Hopefully once you have absorbed and applied these techniques you will understand how to design and apply these principles to your field to design your own powerful, sophisticated recall systems.
These principles are explained below:
Association is the method by which you link a thing to be remembered to a method of remembering it. Although we can and will suggest associations to you, your own associations are much better as they reflect the way in which your mind works.
Things can be associated by:
being placed on top of the associated object
crashing or penetrating into each other
wrapping around each other
rotating around each other or dancing together
being the same colour, smell, shape, or feeling
Whatever can be used to link the thing being remembered with the image used to recall it is the association image.
As an example: Linking the number 1 with a goldfish might be done by visualising a 1-shaped spear being used to spear a goldfish to feed a starving family.
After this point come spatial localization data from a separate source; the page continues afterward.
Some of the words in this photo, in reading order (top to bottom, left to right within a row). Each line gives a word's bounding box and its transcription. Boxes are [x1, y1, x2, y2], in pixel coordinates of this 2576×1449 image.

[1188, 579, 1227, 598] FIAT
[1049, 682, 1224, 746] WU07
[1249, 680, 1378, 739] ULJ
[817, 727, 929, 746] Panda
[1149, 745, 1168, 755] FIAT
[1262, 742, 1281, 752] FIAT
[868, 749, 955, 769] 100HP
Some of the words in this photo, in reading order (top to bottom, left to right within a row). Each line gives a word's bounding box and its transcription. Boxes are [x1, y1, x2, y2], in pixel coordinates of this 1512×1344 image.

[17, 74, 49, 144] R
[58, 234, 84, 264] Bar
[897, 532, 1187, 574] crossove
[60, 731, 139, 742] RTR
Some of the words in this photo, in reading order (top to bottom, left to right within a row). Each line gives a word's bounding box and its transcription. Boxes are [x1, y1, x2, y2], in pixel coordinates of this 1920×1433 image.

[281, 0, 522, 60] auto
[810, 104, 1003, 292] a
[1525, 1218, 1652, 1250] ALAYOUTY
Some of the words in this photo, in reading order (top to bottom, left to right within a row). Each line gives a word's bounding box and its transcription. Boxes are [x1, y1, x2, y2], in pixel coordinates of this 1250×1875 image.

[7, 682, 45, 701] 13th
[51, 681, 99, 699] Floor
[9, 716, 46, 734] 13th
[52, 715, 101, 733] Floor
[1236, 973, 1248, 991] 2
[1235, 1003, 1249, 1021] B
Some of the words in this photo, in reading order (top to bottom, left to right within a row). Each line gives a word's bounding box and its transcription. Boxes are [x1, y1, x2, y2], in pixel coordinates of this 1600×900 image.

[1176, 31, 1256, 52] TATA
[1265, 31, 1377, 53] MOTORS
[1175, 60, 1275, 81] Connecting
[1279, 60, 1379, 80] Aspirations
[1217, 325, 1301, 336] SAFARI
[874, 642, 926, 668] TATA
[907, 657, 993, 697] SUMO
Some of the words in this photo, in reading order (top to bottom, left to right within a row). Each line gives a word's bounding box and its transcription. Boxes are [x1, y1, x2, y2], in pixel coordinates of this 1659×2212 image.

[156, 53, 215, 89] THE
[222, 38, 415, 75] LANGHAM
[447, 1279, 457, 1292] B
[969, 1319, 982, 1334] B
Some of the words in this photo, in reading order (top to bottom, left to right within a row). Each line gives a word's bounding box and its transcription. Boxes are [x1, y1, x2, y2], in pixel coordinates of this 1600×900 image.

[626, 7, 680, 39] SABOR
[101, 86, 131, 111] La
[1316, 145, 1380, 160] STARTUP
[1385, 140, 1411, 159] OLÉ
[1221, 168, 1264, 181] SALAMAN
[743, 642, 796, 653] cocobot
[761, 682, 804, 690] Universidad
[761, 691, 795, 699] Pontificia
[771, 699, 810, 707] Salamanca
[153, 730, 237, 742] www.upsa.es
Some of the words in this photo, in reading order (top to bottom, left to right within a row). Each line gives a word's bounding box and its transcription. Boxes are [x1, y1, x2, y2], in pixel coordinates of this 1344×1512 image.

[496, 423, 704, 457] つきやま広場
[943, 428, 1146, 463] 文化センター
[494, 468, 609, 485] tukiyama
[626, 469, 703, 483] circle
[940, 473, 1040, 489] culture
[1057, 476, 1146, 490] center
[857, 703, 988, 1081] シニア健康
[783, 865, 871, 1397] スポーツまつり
Imagination is used to create the links and associations needed to create effective memory techniques - put simple, imagination is the way in which you use your mind to create the links that have the most meaning for you. Images that I create will have less power and impact for you, because they reflect the way in which we think.
The more strongly you imagine and visualise a situation, the more effectively it will stick in your mind for later recall. Mnemonic imagination can be as violent, vivid, or sensual as you like, as long as it helps you to remember what needs to be remembered.
Location provides you with two things: a coherent context into which information can be placed so that it hangs together, and a way of separating one mnemonic from another: e.g. by setting one mnemonic in one village, I can separate it from a similar mnemonic located in another place.
Location provides context and texture to your mnemonics, and prevents them from being confused with similar mnemonics.
For example, by setting one mnemonic with
visualisations in the town of Horsham in the UK and another similar mnemonic with images
of Manhattan allows us to separate them with no danger of confusion.